Try it: The records appear below. Copy each one exactly.

★ ★ ★ ★ ★

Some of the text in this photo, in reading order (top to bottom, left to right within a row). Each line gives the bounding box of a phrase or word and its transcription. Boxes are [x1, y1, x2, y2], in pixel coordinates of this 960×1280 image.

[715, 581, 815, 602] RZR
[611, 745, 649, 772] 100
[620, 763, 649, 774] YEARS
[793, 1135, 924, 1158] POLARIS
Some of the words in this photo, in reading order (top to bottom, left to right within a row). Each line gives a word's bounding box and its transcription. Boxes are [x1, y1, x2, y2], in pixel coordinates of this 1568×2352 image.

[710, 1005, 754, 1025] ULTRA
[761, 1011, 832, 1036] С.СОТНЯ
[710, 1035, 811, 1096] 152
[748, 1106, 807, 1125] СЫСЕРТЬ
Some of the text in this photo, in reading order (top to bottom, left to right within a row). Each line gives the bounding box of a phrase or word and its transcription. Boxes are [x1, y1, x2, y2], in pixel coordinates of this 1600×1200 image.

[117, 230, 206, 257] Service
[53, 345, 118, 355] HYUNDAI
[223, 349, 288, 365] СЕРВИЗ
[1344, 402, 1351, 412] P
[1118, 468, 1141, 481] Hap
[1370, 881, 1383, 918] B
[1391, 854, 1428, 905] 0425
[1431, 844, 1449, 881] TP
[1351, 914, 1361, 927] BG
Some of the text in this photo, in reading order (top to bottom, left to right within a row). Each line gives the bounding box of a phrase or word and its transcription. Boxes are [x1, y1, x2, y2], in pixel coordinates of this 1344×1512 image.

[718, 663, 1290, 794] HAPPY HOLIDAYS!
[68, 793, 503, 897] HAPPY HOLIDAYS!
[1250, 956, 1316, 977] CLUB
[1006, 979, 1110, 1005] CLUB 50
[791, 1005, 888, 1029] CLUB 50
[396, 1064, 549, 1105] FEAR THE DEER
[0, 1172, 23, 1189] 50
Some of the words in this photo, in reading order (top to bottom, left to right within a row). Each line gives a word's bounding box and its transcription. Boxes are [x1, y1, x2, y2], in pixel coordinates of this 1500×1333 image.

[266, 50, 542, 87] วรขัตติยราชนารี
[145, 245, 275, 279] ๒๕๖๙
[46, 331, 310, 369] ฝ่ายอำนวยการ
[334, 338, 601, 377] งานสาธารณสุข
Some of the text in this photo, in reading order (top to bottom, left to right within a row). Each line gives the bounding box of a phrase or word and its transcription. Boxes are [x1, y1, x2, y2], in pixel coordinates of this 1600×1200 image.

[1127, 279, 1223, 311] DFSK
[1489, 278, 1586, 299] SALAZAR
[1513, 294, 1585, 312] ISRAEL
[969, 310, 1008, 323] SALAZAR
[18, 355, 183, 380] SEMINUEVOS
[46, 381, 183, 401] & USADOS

★ ★ ★ ★ ★

Exercise output:
Some of the text in this photo, in reading order (top to bottom, left to right within a row). Each line gives the bounding box of a phrase or word and its transcription. Boxes are [x1, y1, x2, y2], in pixel coordinates of this 960×1280 image.

[715, 581, 815, 602] RZR
[611, 745, 649, 772] 100
[620, 763, 649, 774] YEARS
[793, 1135, 924, 1158] POLARIS
Some of the words in this photo, in reading order (top to bottom, left to right within a row). Each line gives a word's bounding box and its transcription. Boxes are [x1, y1, x2, y2], in pixel coordinates of this 1568×2352 image.

[710, 1005, 754, 1025] ULTRA
[761, 1011, 832, 1036] С.СОТНЯ
[710, 1035, 811, 1096] 152
[748, 1106, 807, 1125] СЫСЕРТЬ
Some of the text in this photo, in reading order (top to bottom, left to right within a row). Each line gives the bounding box of a phrase or word and its transcription. Boxes are [x1, y1, x2, y2], in pixel coordinates of this 1600×1200 image.

[117, 230, 206, 257] Service
[53, 345, 118, 355] HYUNDAI
[223, 349, 288, 365] СЕРВИЗ
[1344, 402, 1351, 412] P
[1118, 468, 1141, 481] Hap
[1370, 881, 1383, 918] B
[1391, 854, 1428, 905] 0425
[1431, 844, 1449, 881] TP
[1351, 914, 1361, 927] BG
Some of the text in this photo, in reading order (top to bottom, left to right within a row). Each line gives the bounding box of a phrase or word and its transcription. Boxes are [x1, y1, x2, y2], in pixel coordinates of this 1344×1512 image.

[718, 663, 1290, 794] HAPPY HOLIDAYS!
[68, 793, 503, 897] HAPPY HOLIDAYS!
[1250, 956, 1316, 977] CLUB
[1006, 979, 1110, 1005] CLUB 50
[791, 1005, 888, 1029] CLUB 50
[396, 1064, 549, 1105] FEAR THE DEER
[0, 1172, 23, 1189] 50
Some of the words in this photo, in reading order (top to bottom, left to right within a row). Each line gives a word's bounding box and its transcription. Boxes are [x1, y1, x2, y2], in pixel coordinates of this 1500×1333 image.

[266, 50, 542, 87] วรขัตติยราชนารี
[145, 245, 275, 279] ๒๕๖๙
[46, 331, 310, 369] ฝ่ายอำนวยการ
[334, 338, 601, 377] งานสาธารณสุข
Some of the text in this photo, in reading order (top to bottom, left to right within a row). Each line gives the bounding box of a phrase or word and its transcription. Boxes are [x1, y1, x2, y2], in pixel coordinates of this 1600×1200 image.

[1127, 279, 1223, 311] DFSK
[1489, 278, 1586, 299] SALAZAR
[1513, 294, 1585, 312] ISRAEL
[969, 310, 1008, 323] SALAZAR
[18, 355, 183, 380] SEMINUEVOS
[46, 381, 183, 401] & USADOS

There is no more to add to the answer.